Goal of the exercise> Copy out the listing that follows, exact in every word, and skip the images.

Dataset excerpts>
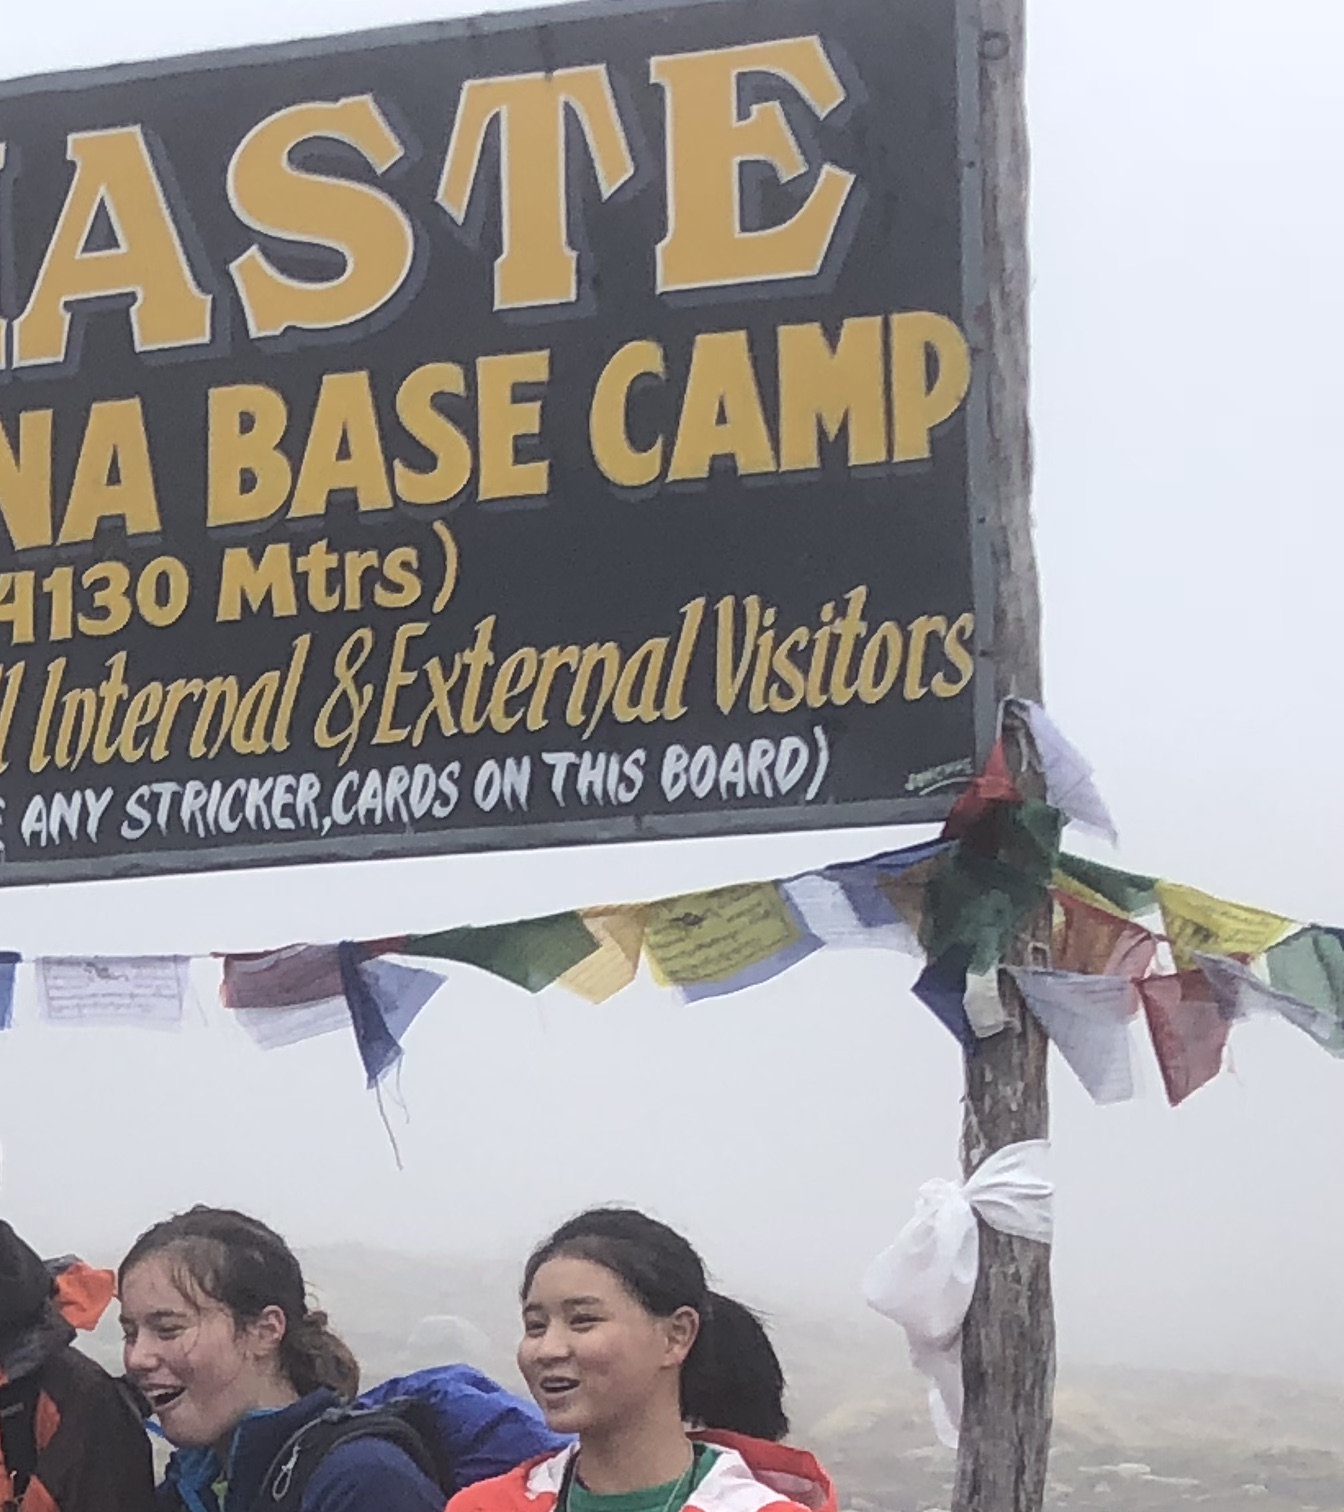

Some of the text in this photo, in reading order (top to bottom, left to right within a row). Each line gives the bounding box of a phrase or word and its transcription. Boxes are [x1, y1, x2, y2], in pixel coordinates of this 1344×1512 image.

[207, 350, 551, 528] BASE
[589, 310, 971, 487] CAMP
[216, 520, 458, 622] Mtrs)
[29, 633, 312, 773] Internal
[715, 585, 974, 715] Visitors
[21, 786, 113, 847] ANY
[474, 756, 532, 812] ON
[541, 748, 645, 807] THIS
[661, 725, 829, 801] BOARD)

Response box>
Some of the text in this photo, in reading order (top to bottom, left to right within a row). Each line gives the bounding box of a phrase or word and its transcription. Boxes are [x1, y1, x2, y2], in pixel coordinates of this 1344×1512 image.

[207, 350, 551, 528] BASE
[589, 310, 971, 487] CAMP
[216, 520, 458, 622] Mtrs)
[29, 633, 312, 773] Internal
[715, 585, 974, 715] Visitors
[21, 786, 113, 847] ANY
[474, 756, 532, 812] ON
[541, 748, 645, 807] THIS
[661, 725, 829, 801] BOARD)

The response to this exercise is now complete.